_Problem statement_.
Each and every line below goes into your answer unchanged, but leave out the images.

_Provided material_.
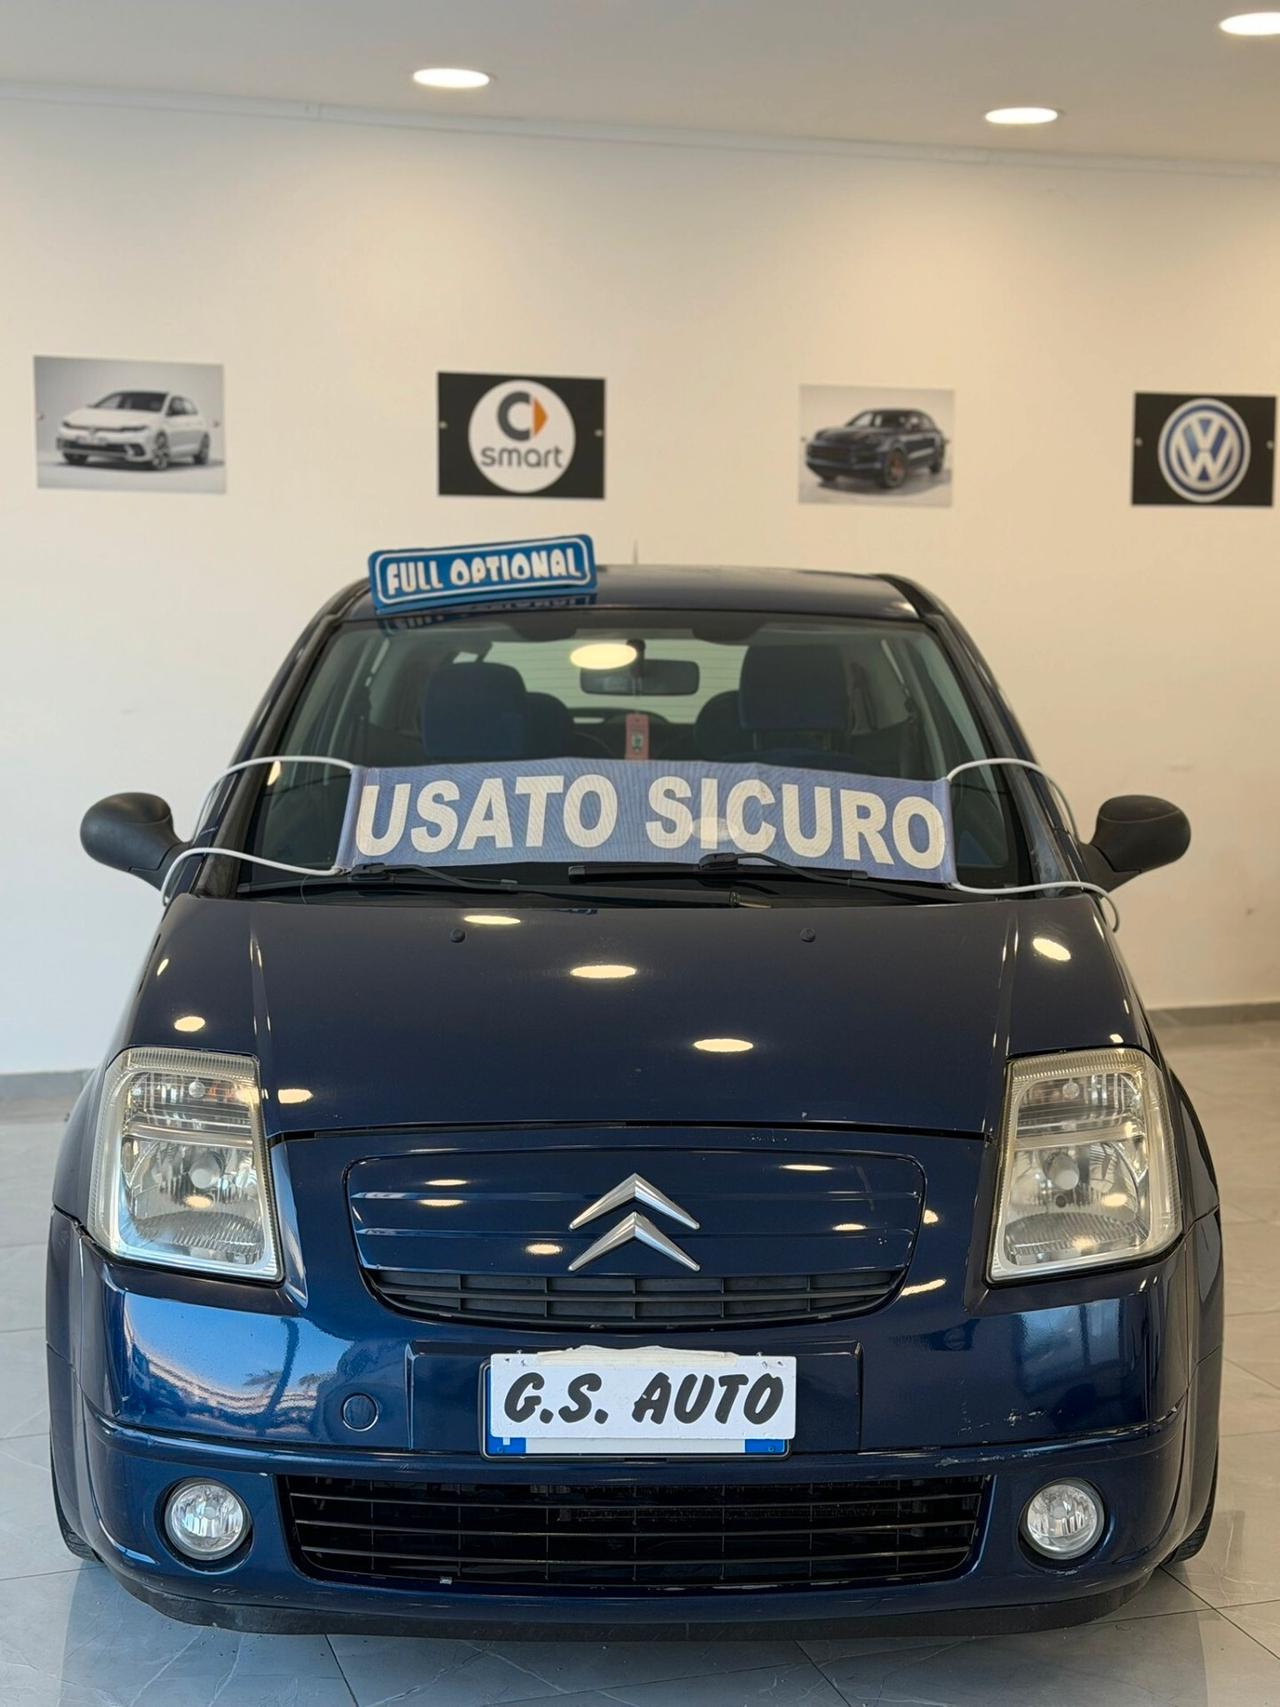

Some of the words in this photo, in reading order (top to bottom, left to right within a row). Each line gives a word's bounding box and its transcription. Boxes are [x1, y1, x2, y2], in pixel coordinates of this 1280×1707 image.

[480, 446, 563, 468] smart
[386, 561, 443, 596] FULL
[450, 547, 581, 586] OPTIONAL
[355, 774, 618, 857] USATO
[645, 776, 945, 870] SICURO
[504, 1372, 609, 1425] G.S.
[631, 1372, 784, 1425] AUTO
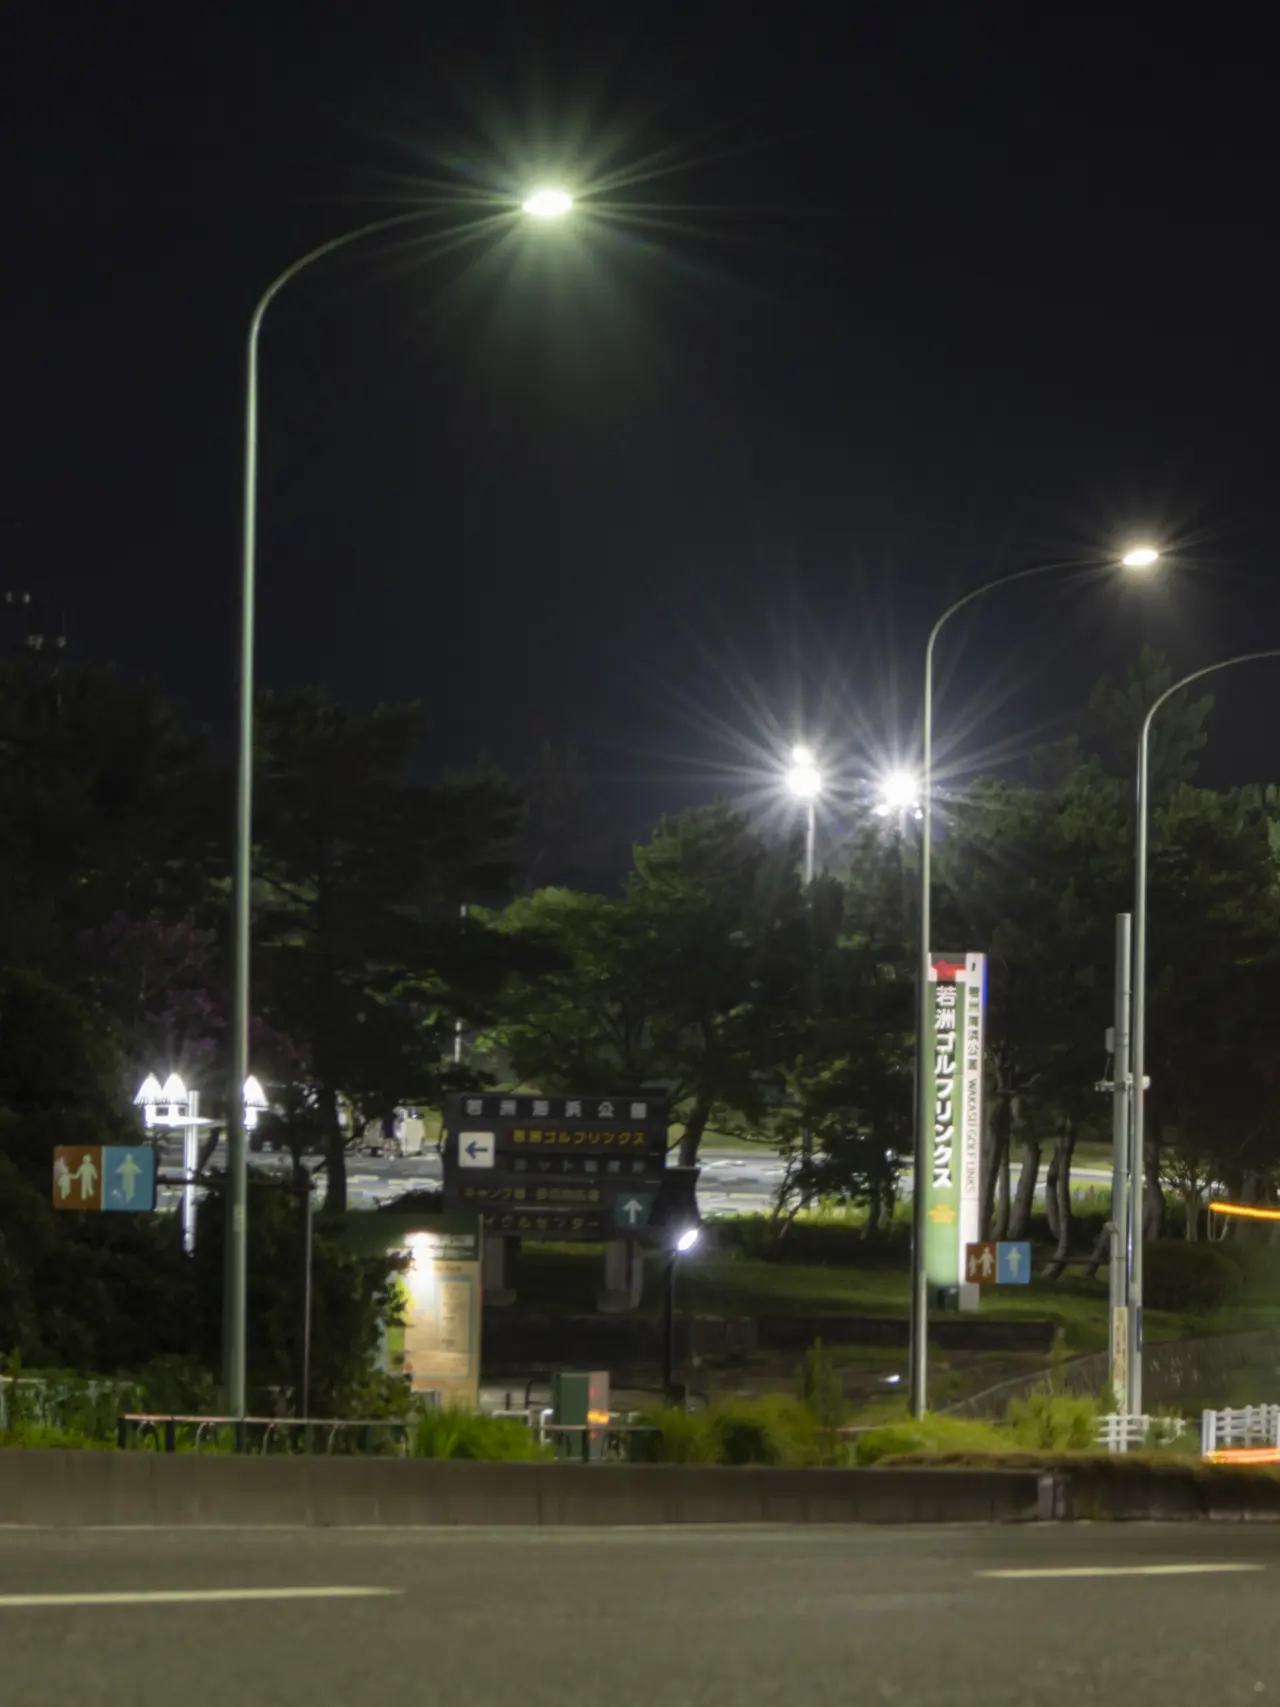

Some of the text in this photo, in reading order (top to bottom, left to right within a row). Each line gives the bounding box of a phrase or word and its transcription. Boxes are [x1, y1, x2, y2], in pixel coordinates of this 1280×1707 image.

[933, 985, 956, 1188] 若洲ゴルフリンクス
[967, 1078, 977, 1126] WAKASU
[966, 1129, 977, 1158] GOLF
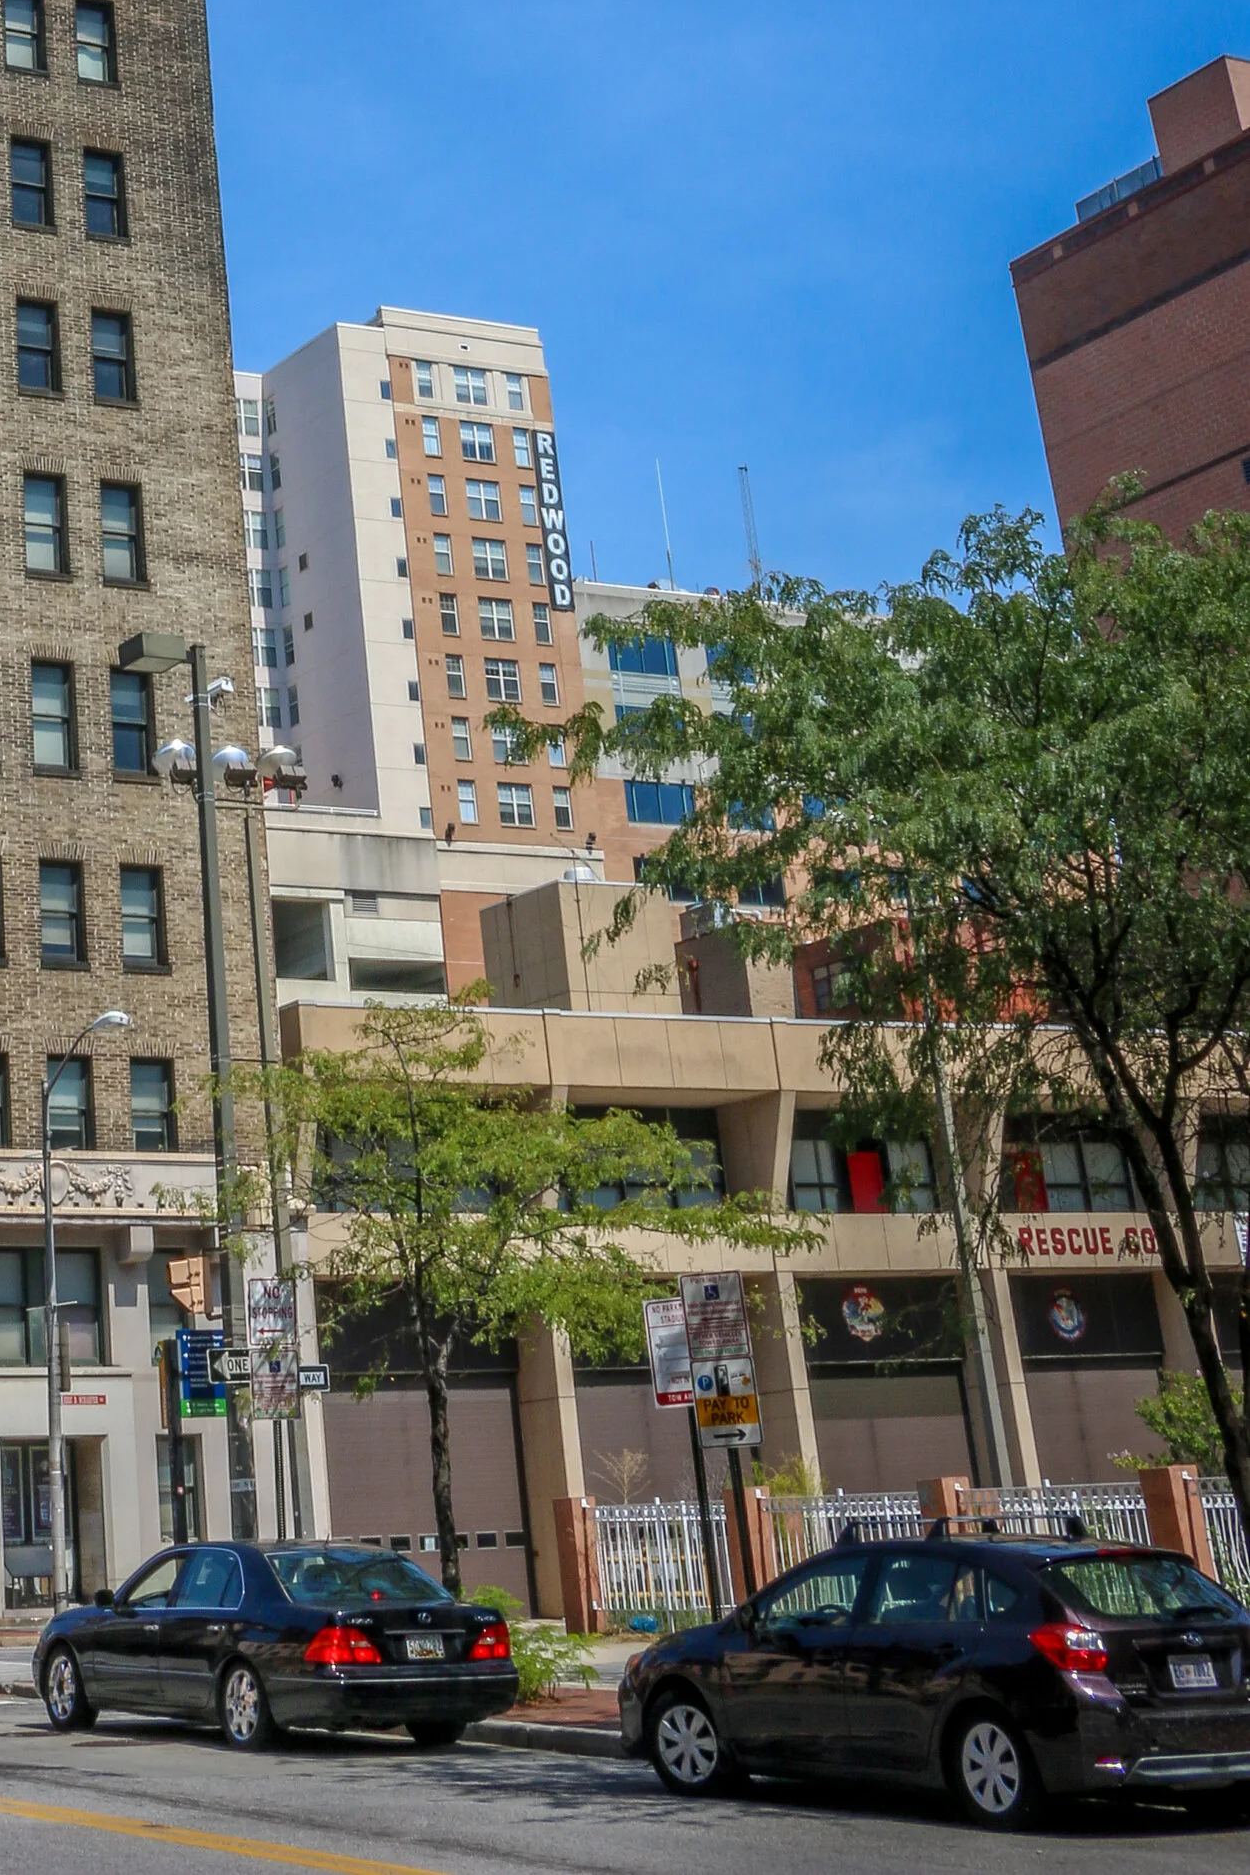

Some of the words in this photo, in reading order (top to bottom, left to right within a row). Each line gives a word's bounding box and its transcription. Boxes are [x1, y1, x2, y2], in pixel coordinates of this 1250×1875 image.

_Solution to this exercise_.
Some of the words in this photo, in reading order (top to bottom, left to right within a row). Each line gives a word's bounding box and its transcription. Boxes are [x1, y1, x2, y2], in pixel coordinates of this 1280×1707 image.

[480, 446, 563, 468] smart
[386, 561, 443, 596] FULL
[450, 547, 581, 586] OPTIONAL
[355, 774, 618, 857] USATO
[645, 776, 945, 870] SICURO
[504, 1372, 609, 1425] G.S.
[631, 1372, 784, 1425] AUTO

Some of the text in this photo, in reading order (top to bottom, left to right within a row). Each line gives the bounding box of a phrase or word and its transcription. Boxes are [x1, y1, x2, y2], in pixel coordinates of this 1280×1707 image.

[933, 985, 956, 1188] 若洲ゴルフリンクス
[967, 1078, 977, 1126] WAKASU
[966, 1129, 977, 1158] GOLF

Some of the words in this photo, in reading order (top to bottom, left to right within a row). Each line gives a word's bounding box and its transcription. Boxes are [x1, y1, x2, y2], in pixel coordinates of this 1250×1875 image.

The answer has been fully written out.